Il municipio di Cagliari
L’aumento dei costi energetici e del carburante rischia di avere effetti a catena anche sui bilanci dei Comuni sardi. A lanciare l’allarme è Ignazio Locci, che richiama l’attenzione sulle difficoltà che gli enti locali potrebbero trovarsi ad affrontare già nel breve periodo.
Secondo il presidente del Consiglio delle autonomie locali, l’impatto del «caro energia» non si limiterà al settore dei trasporti, ma coinvolgerà direttamente anche la gestione dei servizi pubblici. Il rischio è quello di compromettere la capacità di programmazione delle amministrazioni, nonostante il recente incremento di 100 milioni di euro del Fondo unico destinato ai Comuni.

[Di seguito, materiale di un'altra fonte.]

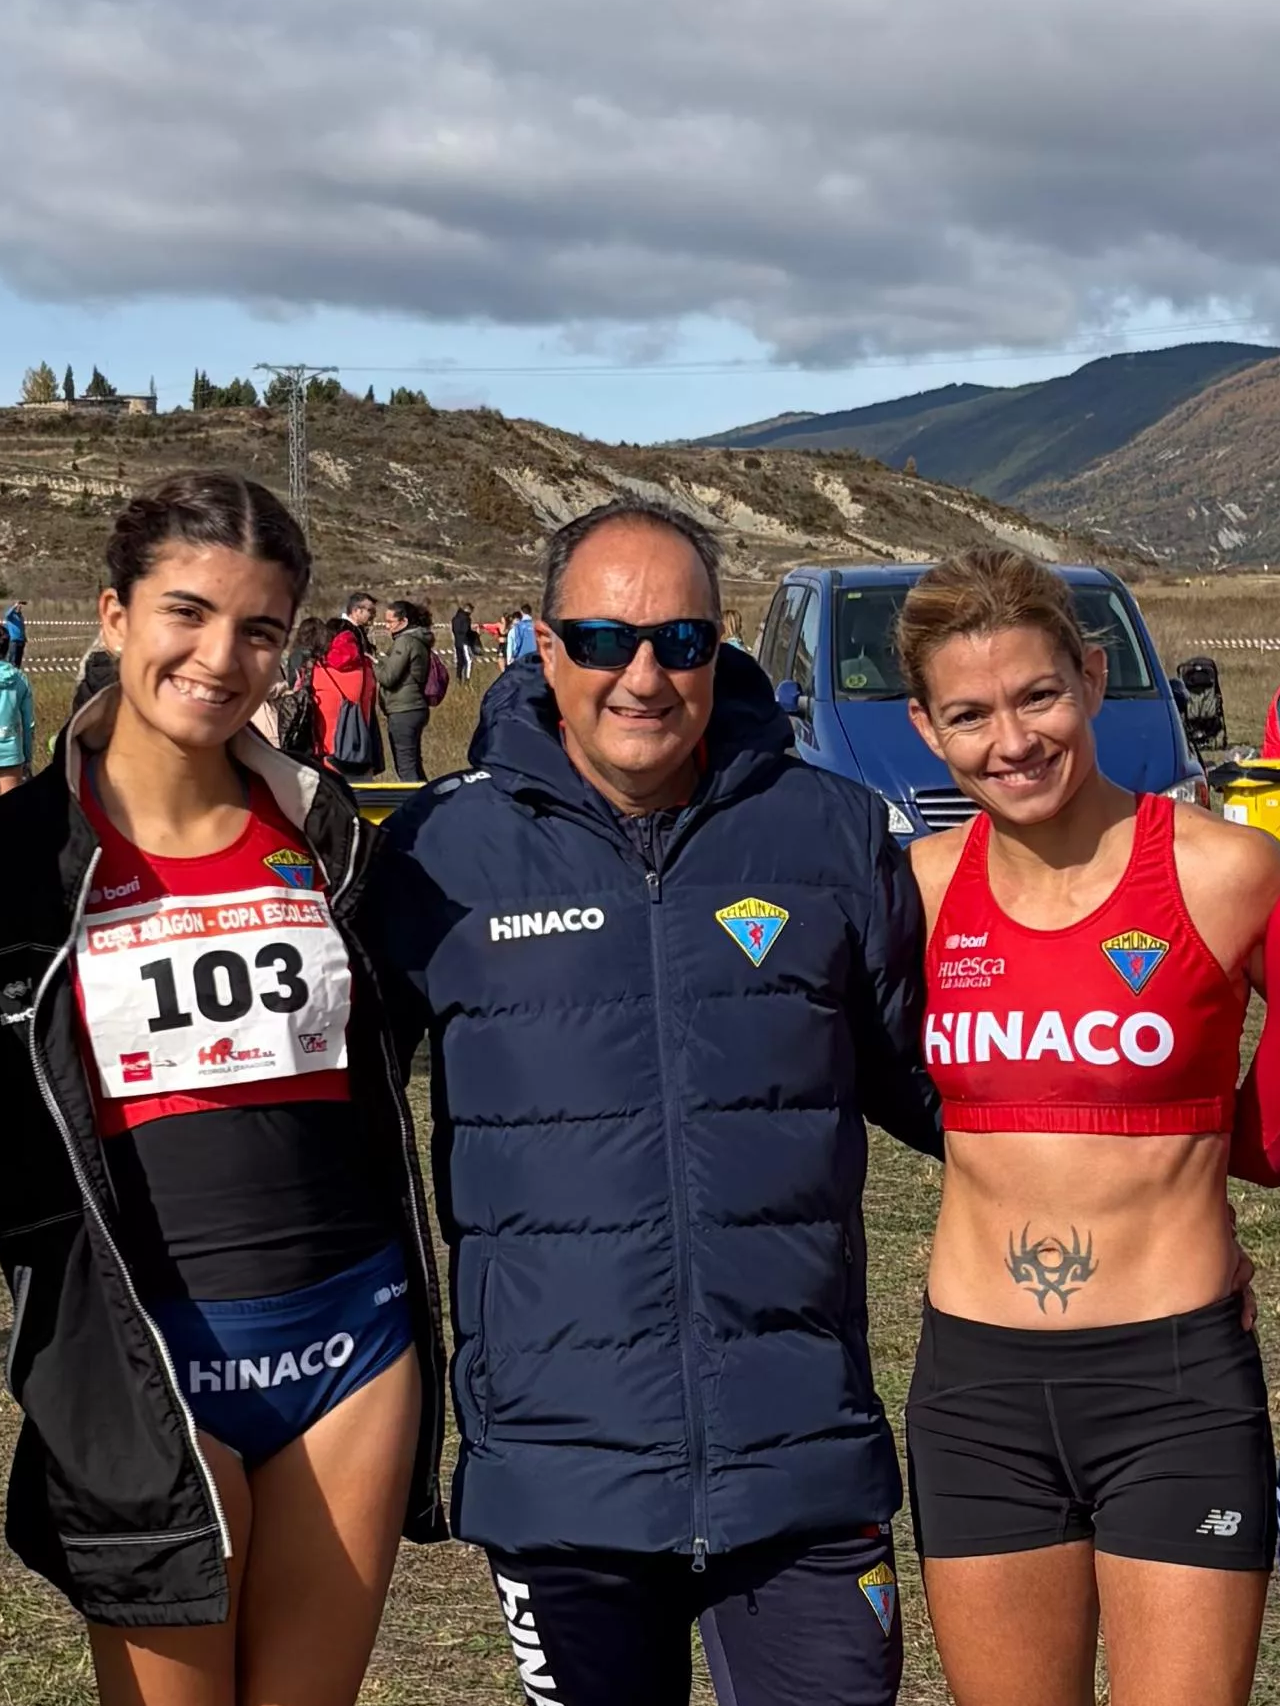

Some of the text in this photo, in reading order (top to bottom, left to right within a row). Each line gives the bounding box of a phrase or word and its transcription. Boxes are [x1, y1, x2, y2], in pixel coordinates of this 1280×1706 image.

Locci sottolinea la necessità di intervenire tempestivamente, rafforzando la dotazione finanziaria a disposizione degli enti locali. In vista della prossima variazione di bilancio regionale, propone l’istituzione di un fondo straordinario che possa sostenere non solo i Comuni, ma anche le famiglie e le piccole attività economiche più esposte agli effetti dei rincari.
L’obiettivo è evitare che l’aumento dei costi operativi si traduca in una riduzione dei servizi essenziali per i cittadini o in un blocco degli investimenti programmati. Un’attenzione particolare viene richiesta anche per la gestione delle nuove risorse derivanti dall’accordo tra Regione e Governo sulla vertenza entrate, che potrebbero rappresentare un’opportunità per rafforzare il sistema.
La richiesta, dunque, è quella di una risposta strutturata e tempestiva, capace di garantire stabilità finanziaria agli enti locali e continuità nei servizi offerti alle comunità.